Abundant, hard-fighting and quick to bite, these feisty little panfish are common throughout much of the northern United States and Canada, where they provide easy fishing for novice and experienced anglers alike.

Yellow perch are fun to catch, but they are also prized as some of the tastiest fish in fresh water. And because they congregate in such great schools throughout most of year, catching enough for a meal is seldom a challenge.

Yellow Perch Identification

Yellow perch are fairly easy to pick out of a lineup. They have an elongated body shape—think miniature walleye—with two dorsal fins separated into spiny and soft-rayed sections.

True to their name, yellow perch coloration ranges from pale yellow to rich yellow-gold, with seven dark vertical bars along each side.

Typical adult size of yellow perch is 6 to 10 inches. But perch measuring longer than 12 inches and weighing over a pound are not out of the question.

Perch often congregate in large schools of similar-sized individuals. So, if you’ve caught one, chances are there are more nearby.

How to Catch Perch

A woman holding yellow perch caught from a boat.
Photo courtesy of the Oregon Bass & Panfish Club

Yellow perch fishing is often fairly simple. Perch have a varied diet that includes insects, worms, crustaceans and all kinds of smaller fish.
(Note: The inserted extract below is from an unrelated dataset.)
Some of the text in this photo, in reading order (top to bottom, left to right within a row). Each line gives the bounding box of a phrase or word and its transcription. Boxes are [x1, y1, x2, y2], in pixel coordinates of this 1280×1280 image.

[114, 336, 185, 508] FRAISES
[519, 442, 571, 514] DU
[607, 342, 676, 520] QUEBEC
When perch are actively feeding, they have a reputation for biting just about anything that will fit in their mouths.

You don’t generally need a lot of advanced tackle to catch perch. That being said, these fish do have their serious devotees, many of whom carefully hone their fishing tackle and techniques to catch more and bigger perch.

Bait Fishing for Perch

baiting a fish hook

Live bait tends to be the most effective option for perch, and generally the simplest.

Countless perch have been tempted by nothing more than a piece of nightcrawler on a plain hook, and many children’s earliest fishing memories involve catching perch and sunfish in this fashion.
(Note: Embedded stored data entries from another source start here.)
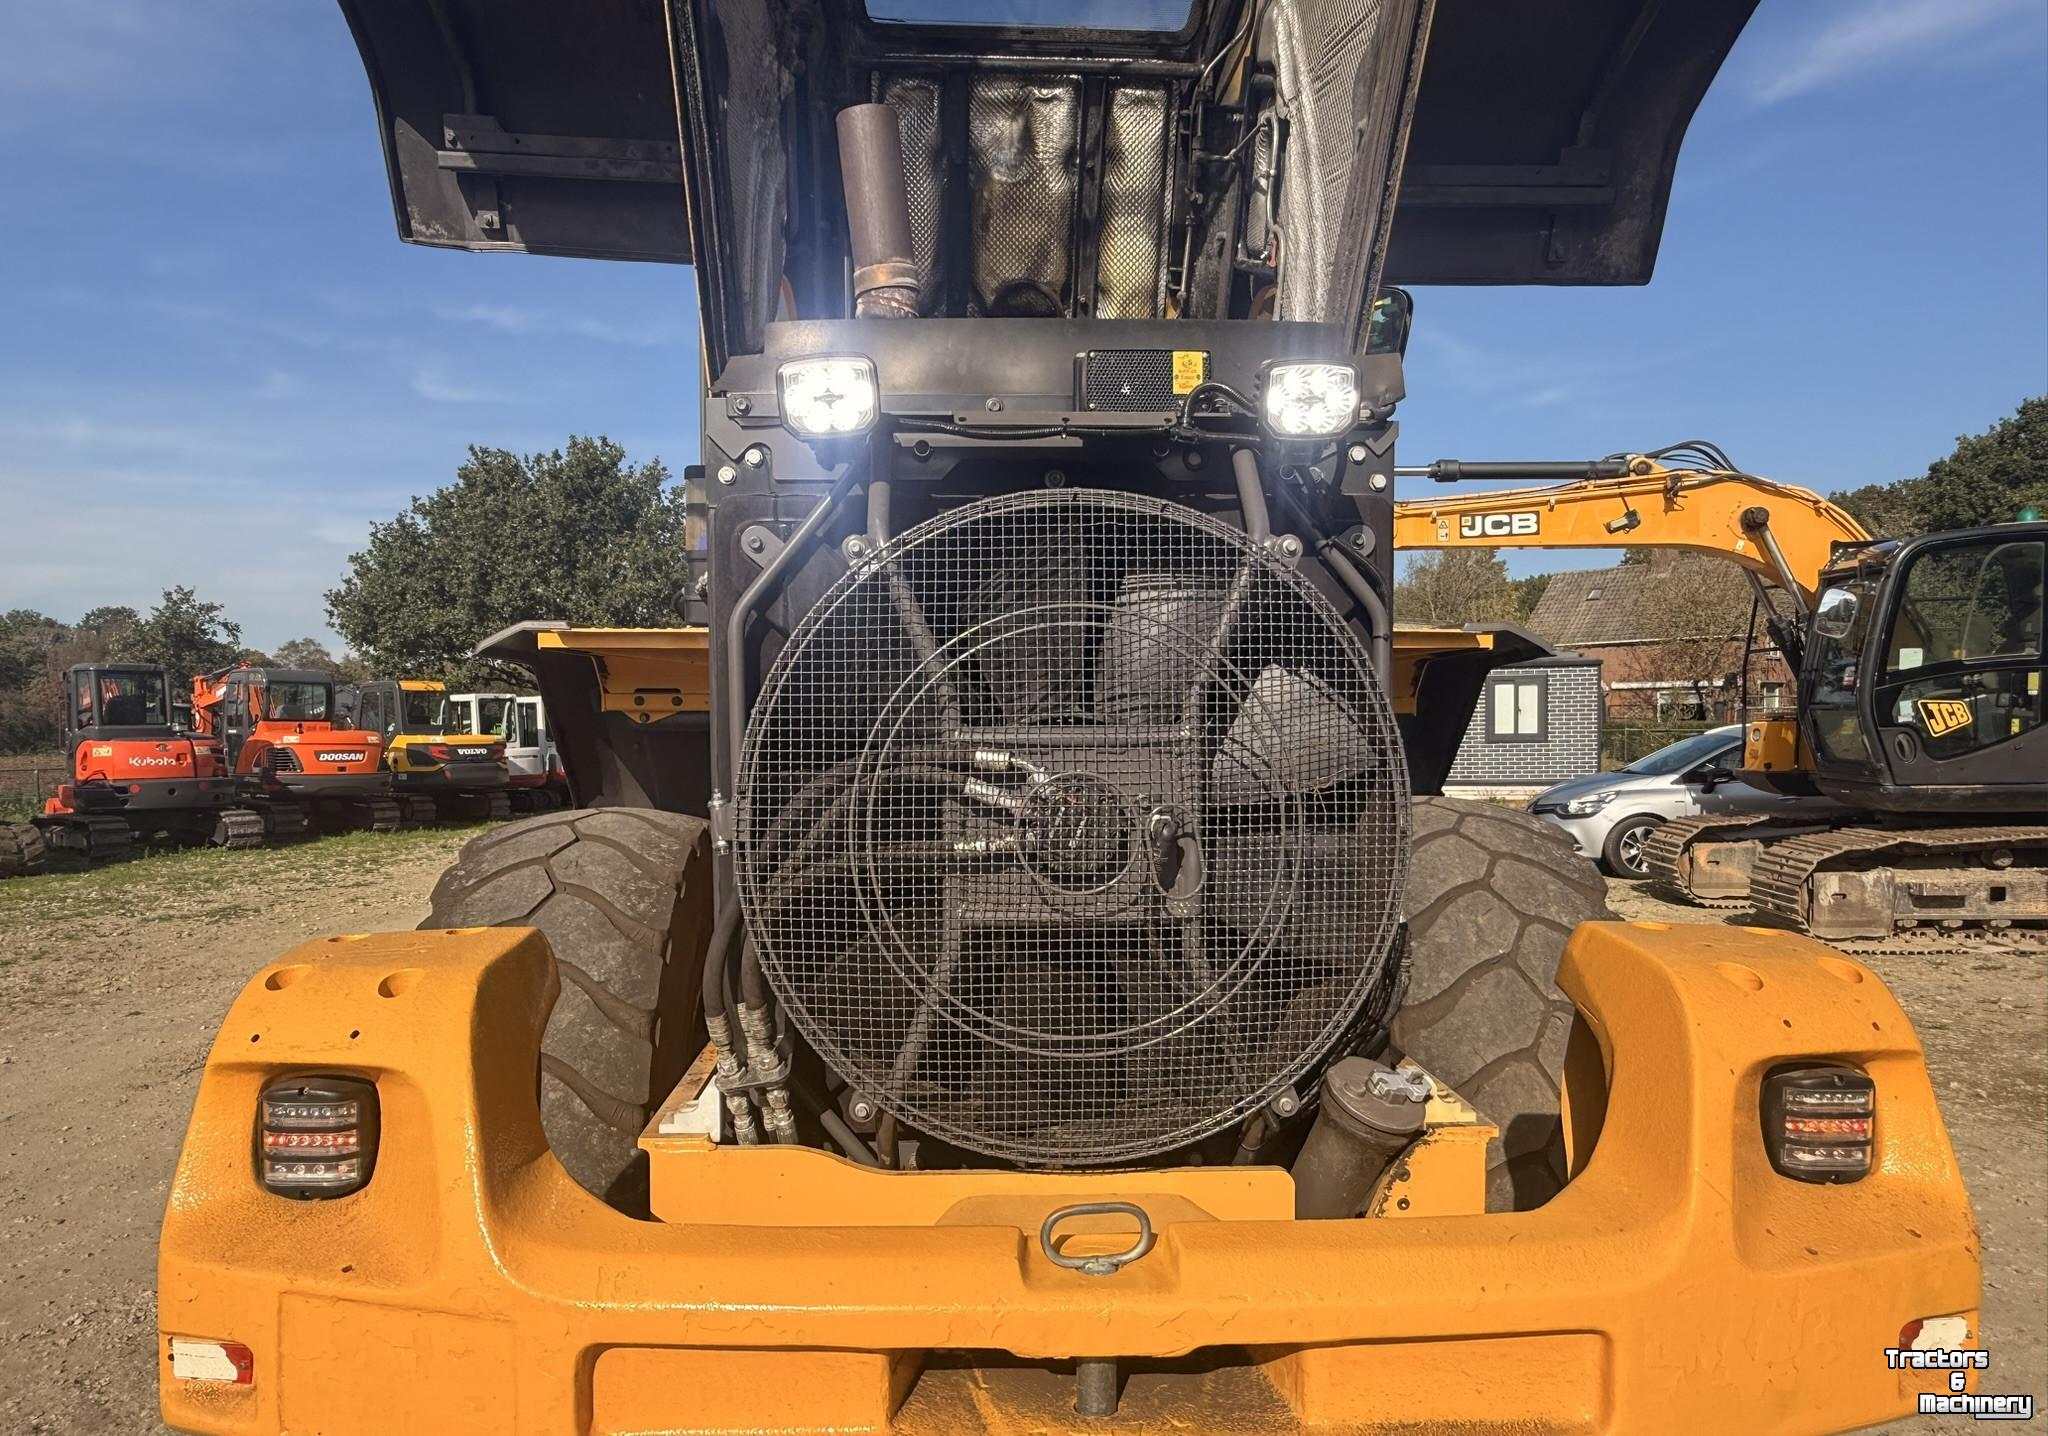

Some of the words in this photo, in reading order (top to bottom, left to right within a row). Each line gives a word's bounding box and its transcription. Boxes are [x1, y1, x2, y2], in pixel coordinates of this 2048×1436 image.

[1461, 513, 1538, 537] JCB
[1926, 703, 1969, 733] JCB
[318, 752, 365, 762] DOOSAN
[456, 747, 488, 756] VOLVO
[128, 756, 177, 767] Kubota
Some of the most effective live baits for yellow perch fishing include:


There’s no simpler or more effective bait to catch yellow perch than the classic earthworm.

Whole nightcrawlers tend to be a little big for perch, so it’s a good idea to break them up into smaller sections. You’ll miss fewer bites, and your bait will last longer.
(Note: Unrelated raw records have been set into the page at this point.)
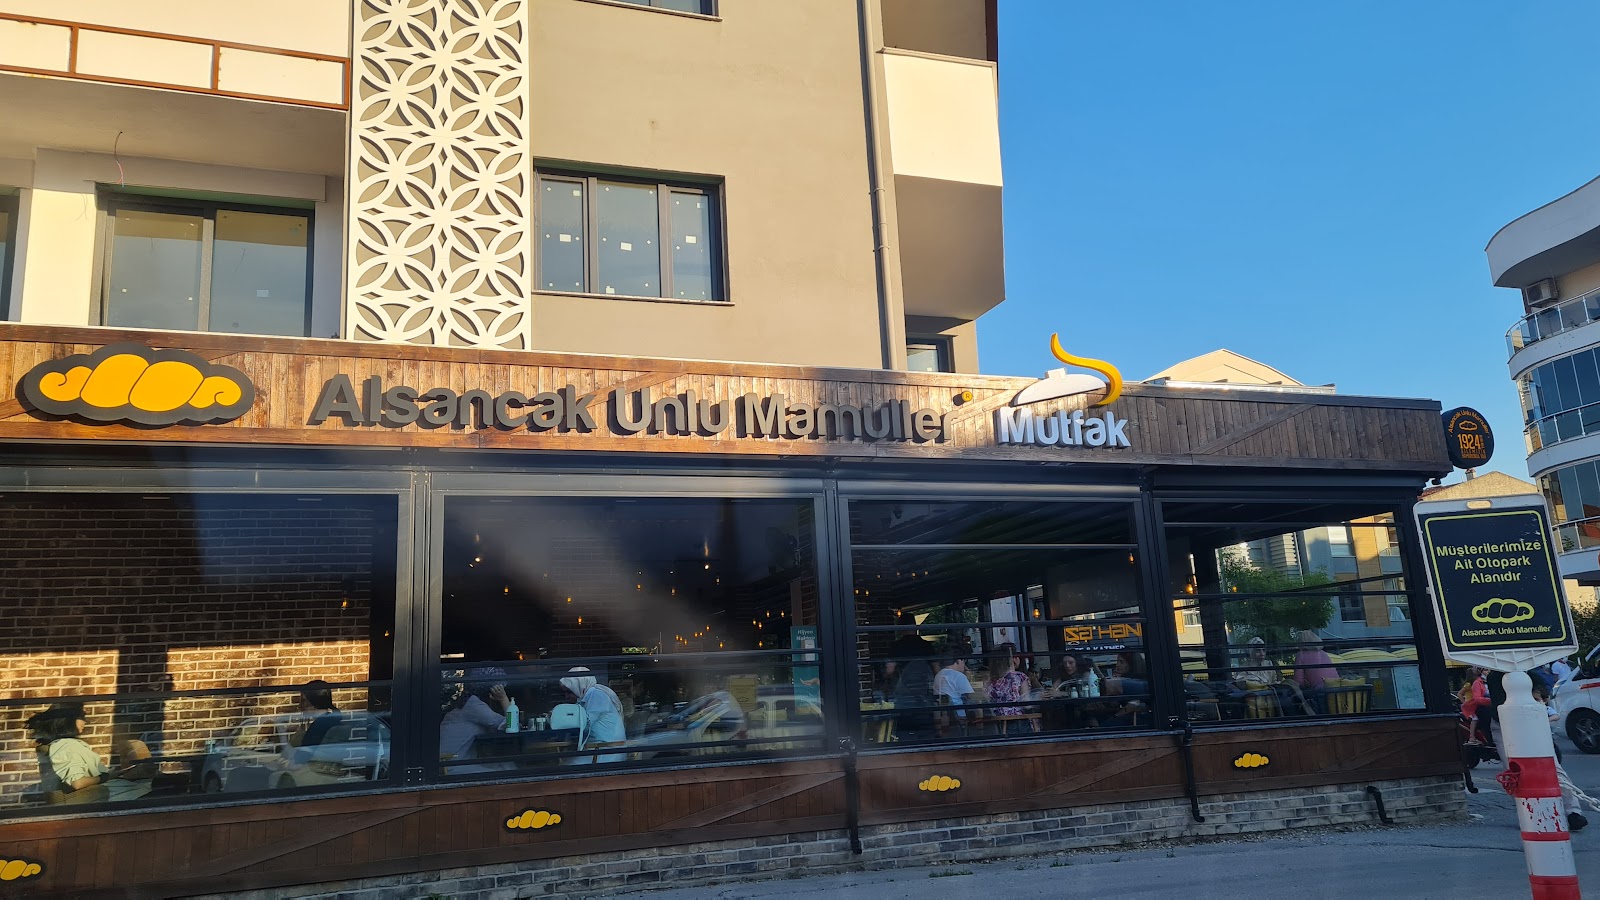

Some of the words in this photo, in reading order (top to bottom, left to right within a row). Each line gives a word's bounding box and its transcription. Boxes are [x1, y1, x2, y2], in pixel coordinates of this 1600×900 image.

[313, 373, 598, 430] Alsancak
[613, 386, 729, 433] Unlu
[744, 392, 960, 441] Mamuller
[998, 406, 1132, 448] Mutfak
[1457, 433, 1481, 450] 1924
[1436, 540, 1541, 557] Müşterilerimize
[1454, 558, 1473, 571] Ait
[1476, 555, 1531, 570] Otopark
[1470, 571, 1521, 584] Alanıdır
[1462, 627, 1497, 637] Alsancak
[1498, 626, 1515, 635] Unlu
[1516, 624, 1551, 634] Mamuller
Smaller worms, often called red worms, and garden worms can be used whole.


Perch attack small minnows with enthusiasm, making them a great bait option wherever they are both available and legal.

Minnows ranging from 1 up to about 3 inches are just right for perch.


A closeup of lots of maggots for fishing bait.

Larvae baits such as wax worms and maggots (sometimes called “spikes”) are most commonly added so a small jig head and used for ice fishing.


Larger perch will bite readily on crayfish. In lakes where perch share habitat with bass, perch are sometimes considered a nuisance because they steal crayfish intended as bass bait.

Where to Fish with Bait for Perch

Yellow perch hunt near the bottom more often than not, so it’s usually best to start by bait fishing on or near bottom, and then work your way up the water column.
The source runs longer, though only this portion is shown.